[Saved data entries]
-- -- --
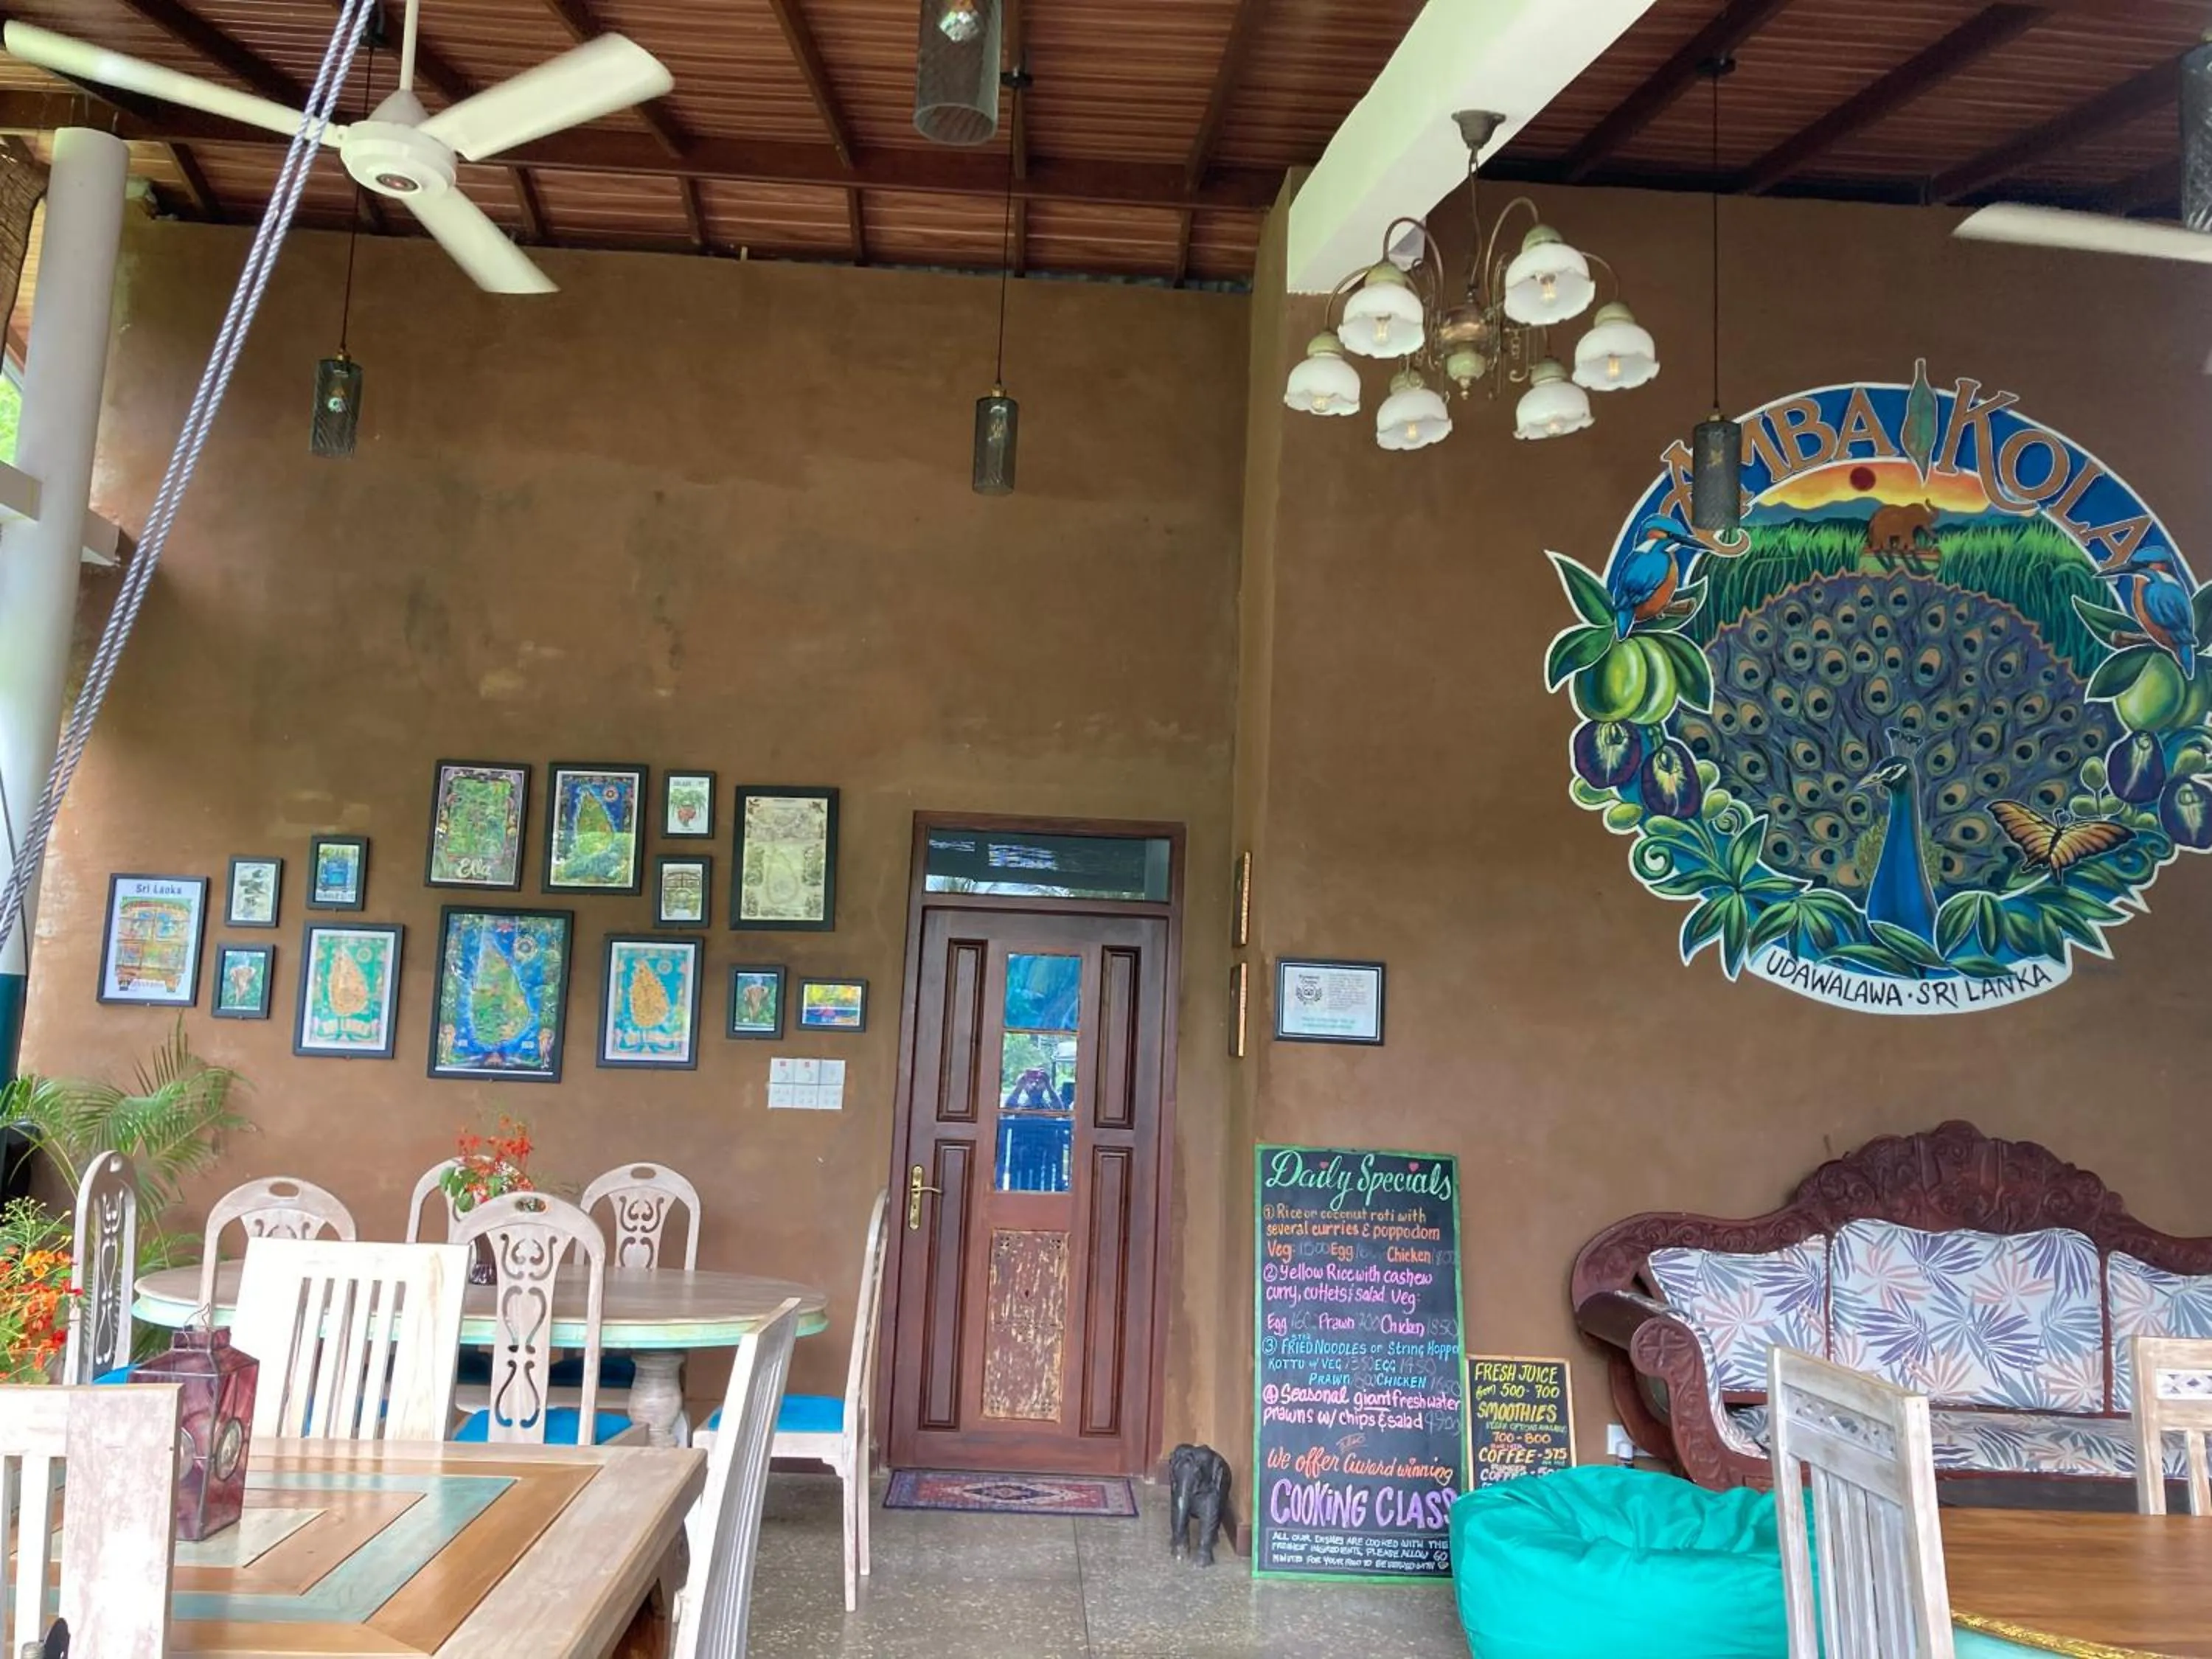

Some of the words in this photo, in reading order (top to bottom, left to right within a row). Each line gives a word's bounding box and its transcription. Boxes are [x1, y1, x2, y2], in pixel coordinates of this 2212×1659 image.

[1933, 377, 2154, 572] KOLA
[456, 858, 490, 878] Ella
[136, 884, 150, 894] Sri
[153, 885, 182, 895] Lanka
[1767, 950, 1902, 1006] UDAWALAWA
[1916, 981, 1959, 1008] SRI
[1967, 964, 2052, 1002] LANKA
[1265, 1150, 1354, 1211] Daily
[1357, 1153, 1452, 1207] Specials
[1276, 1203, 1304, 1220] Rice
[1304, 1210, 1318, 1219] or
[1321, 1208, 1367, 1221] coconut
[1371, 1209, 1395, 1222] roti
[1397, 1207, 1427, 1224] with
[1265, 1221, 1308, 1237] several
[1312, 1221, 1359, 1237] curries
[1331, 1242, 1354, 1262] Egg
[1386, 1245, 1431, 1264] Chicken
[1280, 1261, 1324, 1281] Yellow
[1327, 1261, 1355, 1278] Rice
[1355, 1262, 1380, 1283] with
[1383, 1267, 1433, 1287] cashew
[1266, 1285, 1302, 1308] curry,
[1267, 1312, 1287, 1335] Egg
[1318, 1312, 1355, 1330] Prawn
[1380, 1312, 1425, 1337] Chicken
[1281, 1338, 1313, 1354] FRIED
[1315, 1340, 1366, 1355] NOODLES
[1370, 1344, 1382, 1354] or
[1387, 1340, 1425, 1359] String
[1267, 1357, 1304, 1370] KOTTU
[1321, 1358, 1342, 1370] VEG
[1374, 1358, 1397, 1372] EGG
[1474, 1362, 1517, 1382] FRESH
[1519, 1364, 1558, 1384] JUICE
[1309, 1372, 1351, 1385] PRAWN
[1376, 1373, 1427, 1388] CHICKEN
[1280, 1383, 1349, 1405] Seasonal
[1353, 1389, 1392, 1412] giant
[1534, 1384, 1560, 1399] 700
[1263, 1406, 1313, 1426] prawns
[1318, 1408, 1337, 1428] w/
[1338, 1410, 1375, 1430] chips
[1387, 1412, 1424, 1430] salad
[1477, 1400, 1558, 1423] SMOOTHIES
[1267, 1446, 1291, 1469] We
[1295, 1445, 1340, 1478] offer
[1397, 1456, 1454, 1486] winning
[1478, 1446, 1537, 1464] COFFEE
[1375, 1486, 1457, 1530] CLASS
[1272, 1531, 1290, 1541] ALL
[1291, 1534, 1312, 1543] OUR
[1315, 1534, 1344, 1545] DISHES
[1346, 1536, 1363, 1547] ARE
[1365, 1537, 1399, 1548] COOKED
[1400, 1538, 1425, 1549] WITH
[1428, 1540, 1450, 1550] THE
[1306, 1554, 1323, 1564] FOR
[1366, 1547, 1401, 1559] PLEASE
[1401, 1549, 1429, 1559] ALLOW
-- -- --
*EXERCISE GOAL*.
Note each line above that contains "Rice" and copy it out.

*ANSWER TO THE EXERCISE*.
[1276, 1203, 1304, 1220] Rice
[1327, 1261, 1355, 1278] Rice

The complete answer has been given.